▶ _Entries supplied_
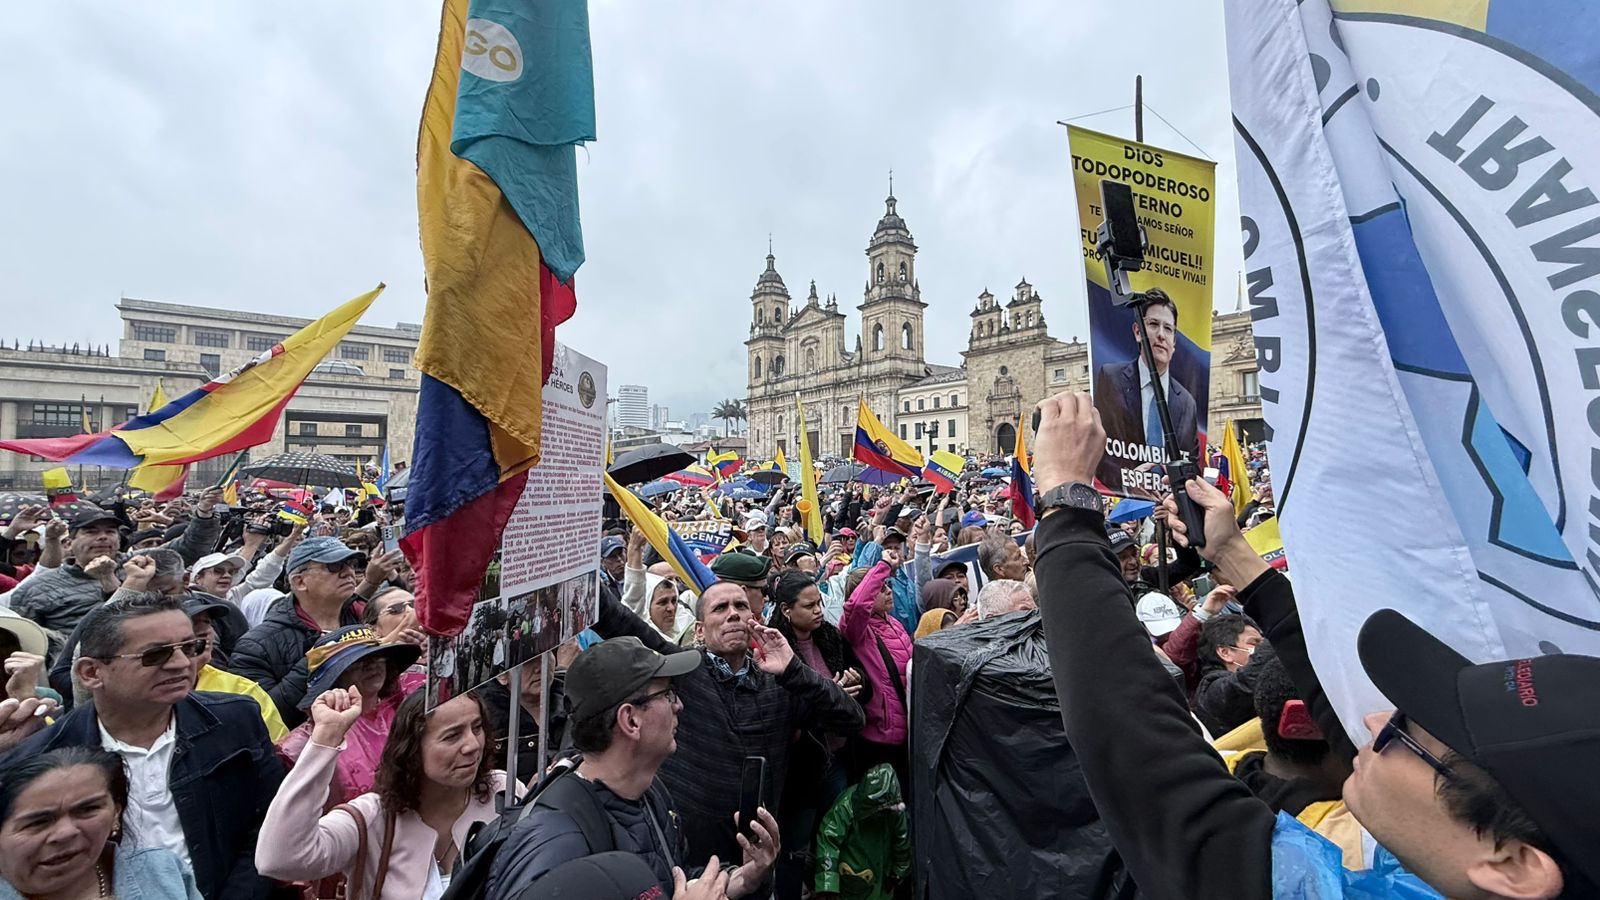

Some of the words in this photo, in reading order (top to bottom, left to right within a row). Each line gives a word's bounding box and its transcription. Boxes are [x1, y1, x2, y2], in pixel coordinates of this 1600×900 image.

[1124, 146, 1164, 168] DIOS
[1072, 154, 1210, 202] TODOPODEROSO
[1132, 193, 1182, 218] TERNO
[1089, 204, 1102, 216] TE
[1138, 216, 1162, 230] AMOS
[1164, 222, 1194, 239] SEÑOR
[1081, 228, 1098, 245] FU
[1144, 244, 1203, 270] MIGUEL!!
[1083, 248, 1102, 263] ORQ
[1140, 261, 1152, 272] OZ
[1155, 263, 1180, 279] SIGUE
[1182, 270, 1206, 285] VIVA!!
[1121, 468, 1172, 492] ESPERA
[681, 533, 728, 546] OCENTE
[339, 628, 372, 642] #UR
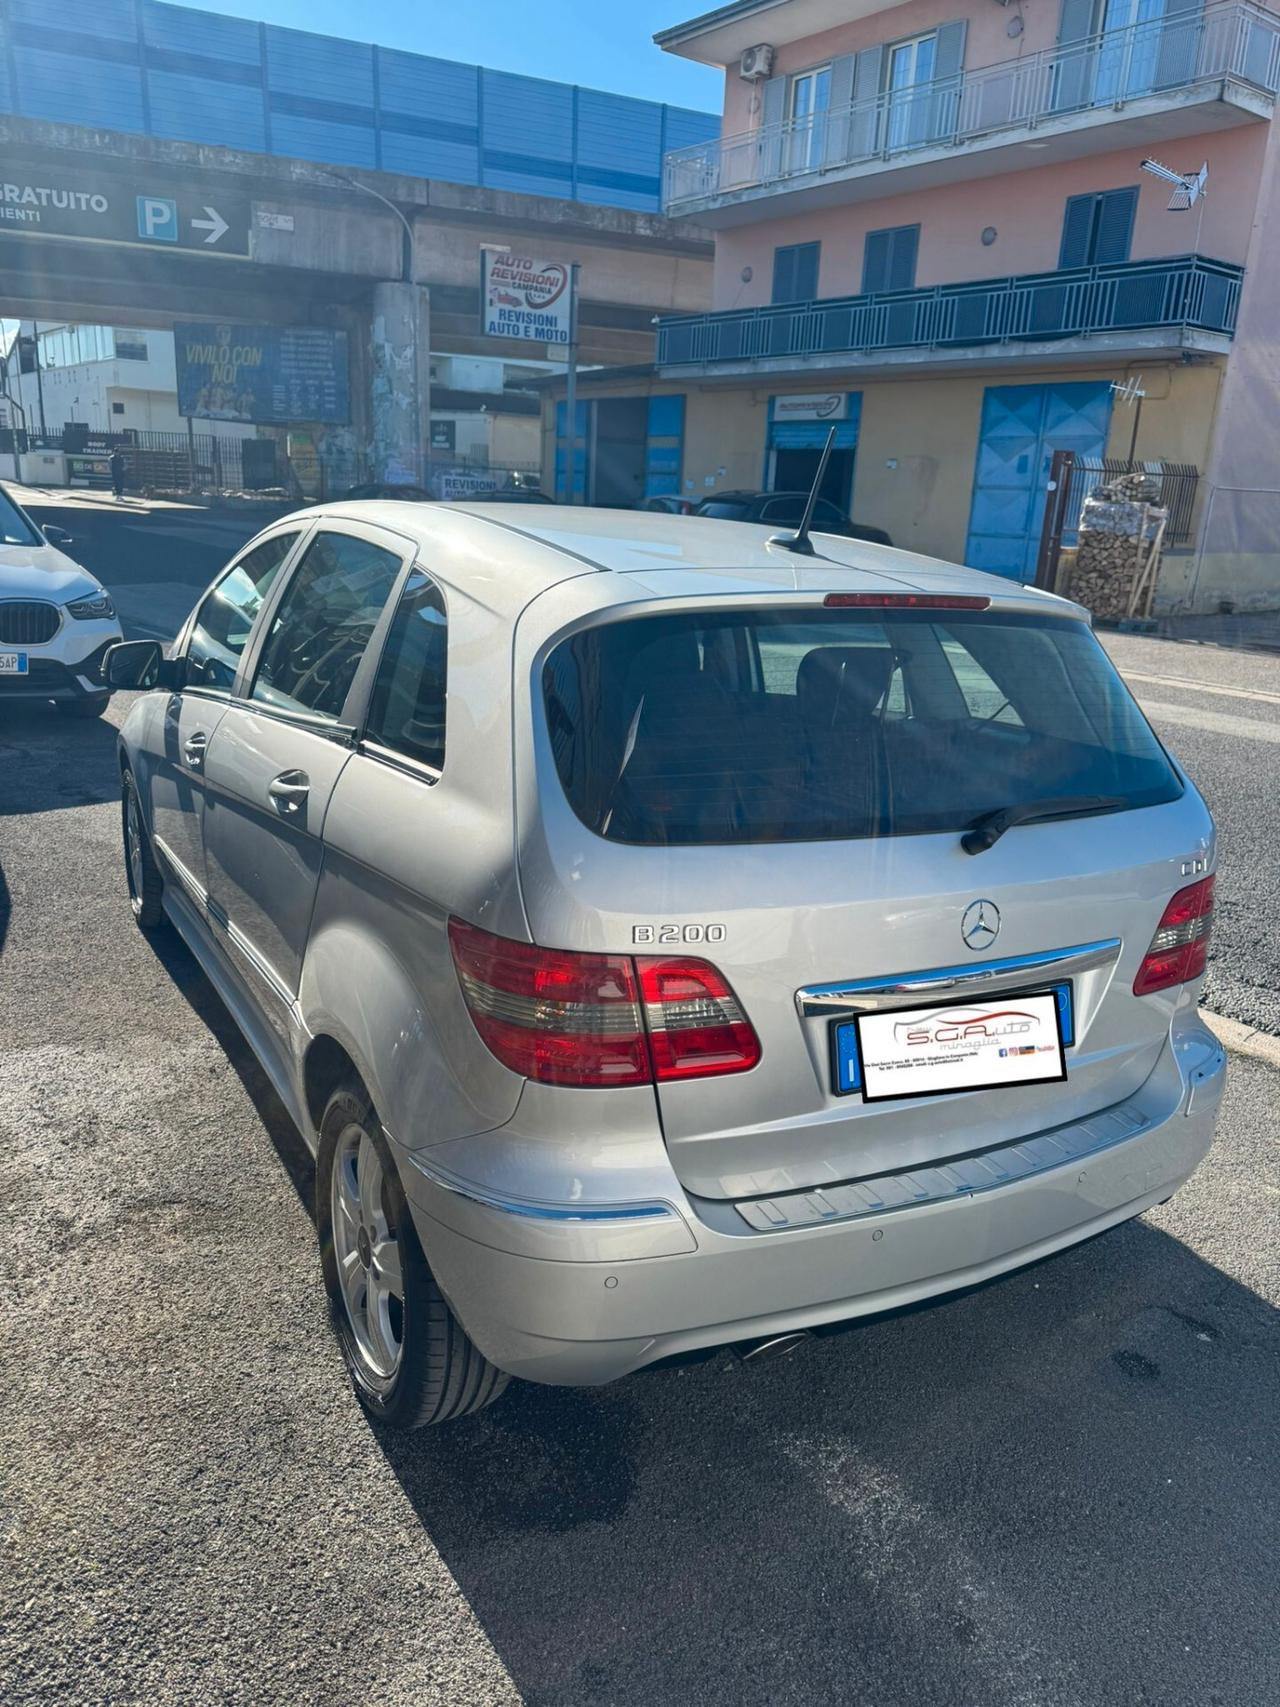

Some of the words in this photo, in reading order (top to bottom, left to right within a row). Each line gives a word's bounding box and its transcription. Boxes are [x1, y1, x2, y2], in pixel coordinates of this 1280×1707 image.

[0, 183, 108, 213] RATUITO
[145, 200, 171, 235] P
[494, 255, 533, 270] AUTO
[490, 267, 560, 288] REVISIONI
[511, 281, 552, 295] CAMPANIA
[498, 308, 558, 329] REVISIONI
[488, 321, 520, 337] AUTO
[524, 325, 531, 338] E
[534, 326, 568, 342] MOTO
[232, 345, 262, 368] CON
[212, 362, 238, 385] NOI
[444, 479, 496, 491] REVISIONI

▶ _Problem to work on_
Give back the records above exactly, with no pictures.

▶ _Task answer_
Some of the words in this photo, in reading order (top to bottom, left to right within a row). Each line gives a word's bounding box and its transcription. Boxes are [x1, y1, x2, y2], in pixel coordinates of this 1600×900 image.

[1124, 146, 1164, 168] DIOS
[1072, 154, 1210, 202] TODOPODEROSO
[1132, 193, 1182, 218] TERNO
[1089, 204, 1102, 216] TE
[1138, 216, 1162, 230] AMOS
[1164, 222, 1194, 239] SEÑOR
[1081, 228, 1098, 245] FU
[1144, 244, 1203, 270] MIGUEL!!
[1083, 248, 1102, 263] ORQ
[1140, 261, 1152, 272] OZ
[1155, 263, 1180, 279] SIGUE
[1182, 270, 1206, 285] VIVA!!
[1121, 468, 1172, 492] ESPERA
[681, 533, 728, 546] OCENTE
[339, 628, 372, 642] #UR

Some of the words in this photo, in reading order (top to bottom, left to right within a row). Each line gives a word's bounding box and its transcription. Boxes are [x1, y1, x2, y2], in pixel coordinates of this 1280×1707 image.

[0, 183, 108, 213] RATUITO
[145, 200, 171, 235] P
[494, 255, 533, 270] AUTO
[490, 267, 560, 288] REVISIONI
[511, 281, 552, 295] CAMPANIA
[498, 308, 558, 329] REVISIONI
[488, 321, 520, 337] AUTO
[524, 325, 531, 338] E
[534, 326, 568, 342] MOTO
[232, 345, 262, 368] CON
[212, 362, 238, 385] NOI
[444, 479, 496, 491] REVISIONI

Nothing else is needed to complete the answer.